I think in that Australian clip, they called the A124 "the vodka burner", implying that was the reason the takeoff roll lasted so long.

Sarah said...

Looks like a beast. The comparable US aircraft is the C5 ... which is just a little smaller.

Big airplanes do look strange in the air or take-off... the eye is just calibrated to smaller ones, and even 747s have that "too big to fly" look.

The largest I've ever seen was the A380, at Oshkosh in 2011. Light, and showing off, it had a supernatural deck angle and low speed levitation off the runway.

Aviatrix said...

I'm pretty sure calling it a "vodka burner" was no different than calling a Japanese motorcycle a "rice rocket." It's just a nod to an iconic product of the country of origin.

Wirelizard said...

As soon as you wrote "an airport with an implausibly long runway for its location and amount of traffic" and I remembered that your last post explicitly mentioned flying in BC, I figured you had to be in PG.

11,450ft out in PG? Who on earth thought that was a good plan?

Aviatrix said...

What's hilarious is when some pilot slavishly follows an SOP that forbids intersection departures, and takes the time to backtrack, when a departure from the intersection would give them triple the take-off run of their home field.
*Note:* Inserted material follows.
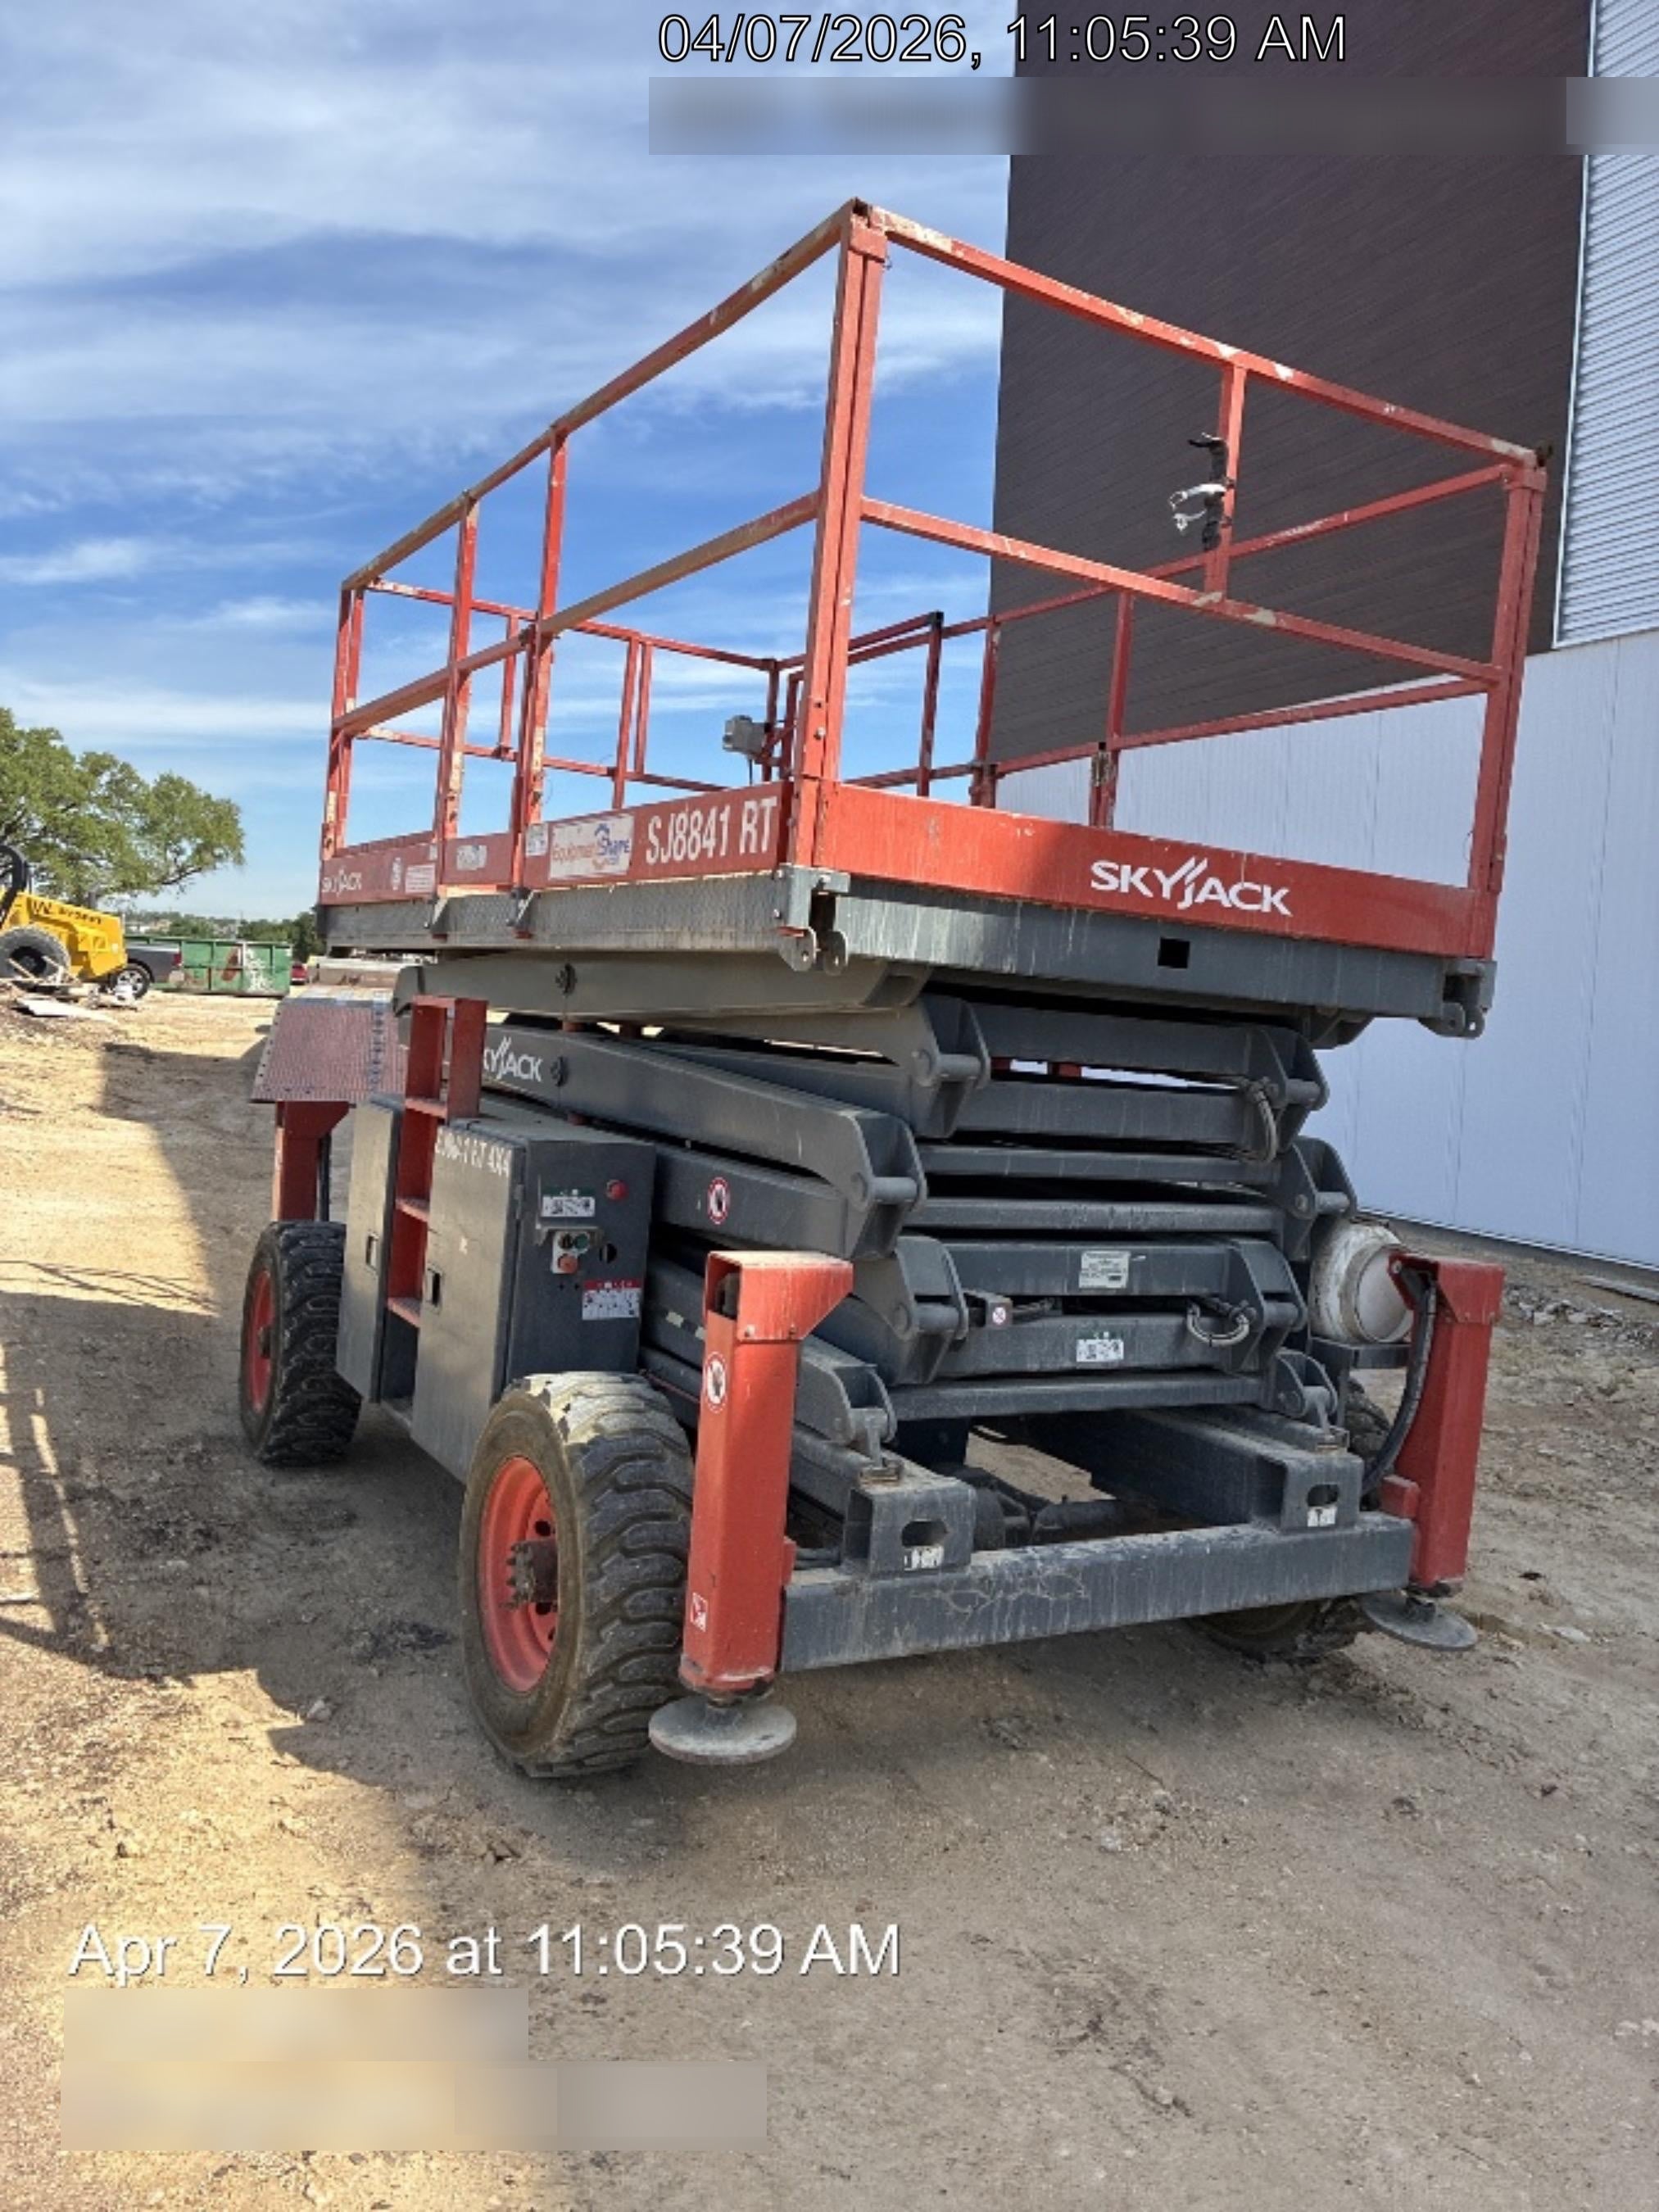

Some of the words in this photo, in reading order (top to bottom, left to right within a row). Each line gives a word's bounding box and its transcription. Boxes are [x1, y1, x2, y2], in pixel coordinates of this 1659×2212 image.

[646, 805, 731, 865] SJ8841
[739, 796, 777, 855] RT
[1090, 856, 1293, 917] SKYJACK
ATC never complains.

Majroj said...

Good old "CONDOR". Saw a few of those in Afghanistan!

borealone said...

Houston, we have Smirnoff...

Kip336 said...

I see the Antonov taking off every month from the field I work at, it's a scheduled 'charter' flight, great to see.

I find it funny how to take a pushback tractor tow it all the way to the runway (A good few miles from the cargo aprons.), with the rear hatch open. Once at the runway, the towbar is disconnected, drove around the plane and brought in before engine start, Great plane!